Teori Sosiologi Klasik Auguste Comte, Emile Durkheim, Max Weber, Karl Marx, Contohnya
Sosiologi Info - Sudah pernah membaca teori sosiologi. Apa saja teori sosiologi klasik yang ada dalam disiplin sosiologi ? Mari kita bahas sobat.
Mulai dari Teori Sosiologi Klasik Auguste Comte, Emile Durkheim, Max Weber, Karl Marx, dan Contoh Fenomena Sosialnya di masyarakat. Yuk baca terus.

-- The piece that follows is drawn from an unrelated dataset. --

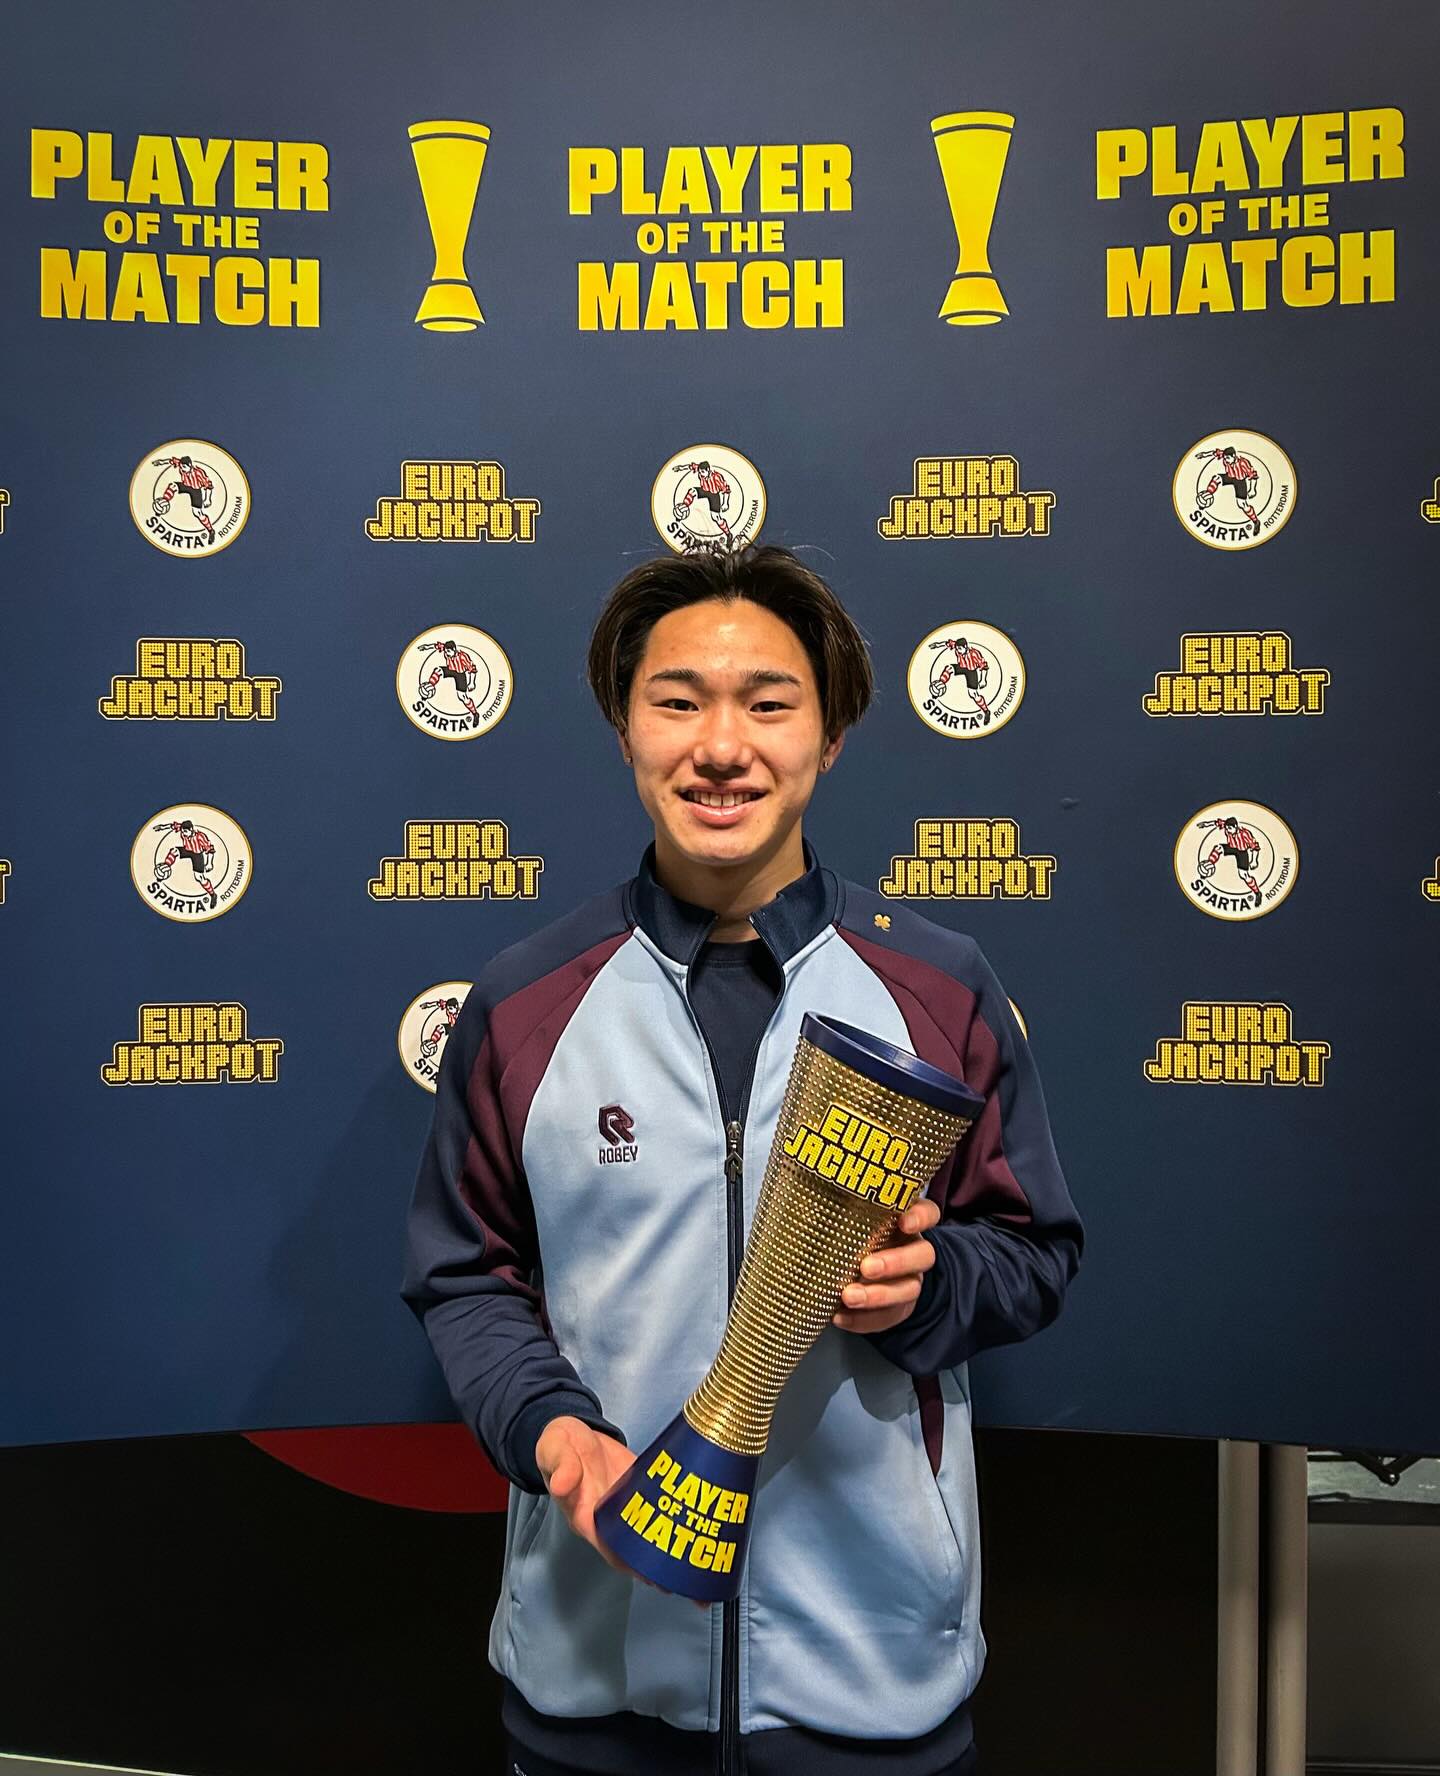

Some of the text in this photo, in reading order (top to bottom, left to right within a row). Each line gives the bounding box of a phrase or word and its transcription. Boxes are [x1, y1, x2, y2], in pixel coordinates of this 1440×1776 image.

Memahami Teori Sebagai Landasan Dasar
Apa yang sudah sobat ketahui dan pahami mengenai teori ? Sepertinya sudah tidak asing lagi ya dengan penyebutan teori.
Menurut Jonathan Turner (West, 2008), teori adalah proses mengembangkan ide-ide yang dimaksudkan untuk membantu menjelaskan bagaimana dan mengapa suatu peristiwa terjadi.
Sedangkan Creswell (1993) berpendapat bahwa teori adalah serangkaian bagian atau variabel, definisi, dan dalil yang saling berhubungan.
Dan yang menghadirkan sebuah pandangan sistematis mengenai fenomena dengan menentukan hubungan antar variabel, dengan maksud menjelaskan fenomena alamiah.
Suatu teori menjadi landasan untuk menjelaskan suatu fenomena atau kasus dalam penelitian.
Sebaliknya teori juga dapat mengalami perbedaan intepretasi atau bahkan re-evaluasi arti (Siahaan, 1986).
Disiplin sosiologi sebagai suatu ilmu memiliki teori-teori yang digunakan untuk menelaah penelitian sosiologi secara khusus maupun ilmu sosial secara umum.
Mengenal Teori Sosiologi Klasik
Teori sosiologi klasik ialah dalil-dalil, konsep, variabel, dari para tokoh sosiologi diawal berdiri.
Teori sosiologi klasik tak lepas dari sang pencetus Auguste Comte, dan 3 tokoh utama sosiologi yakni Emile Durkheim, Max Weber, dan Karl Marx.
Selain mereka ada beberapa nama tokoh lainnya yang termasuk teori sosiologi klasik. Tapi untuk part 1 kita bahas yang nama-nama diatas ya.
Teori-Teori Sosiologi Klasik
1. Teori evolusi atau Perkembangan Intelektual Manusia - Auguste Comte
Teori evolusi atau hukum tiga tahap, atau perkembangan intelektual manusia yang diusung Comte adalah teori mengenai perubahan pemikiran manusia terhadap suatu peristiwa.
Tahun 1942, ia mempublikasikan karyanya yang berjudul Le Cours de
Philosophie Positivistic dan menjelaskan pemikiran manusia yang awalnya cenderung bersifat abstrak atau (teologis).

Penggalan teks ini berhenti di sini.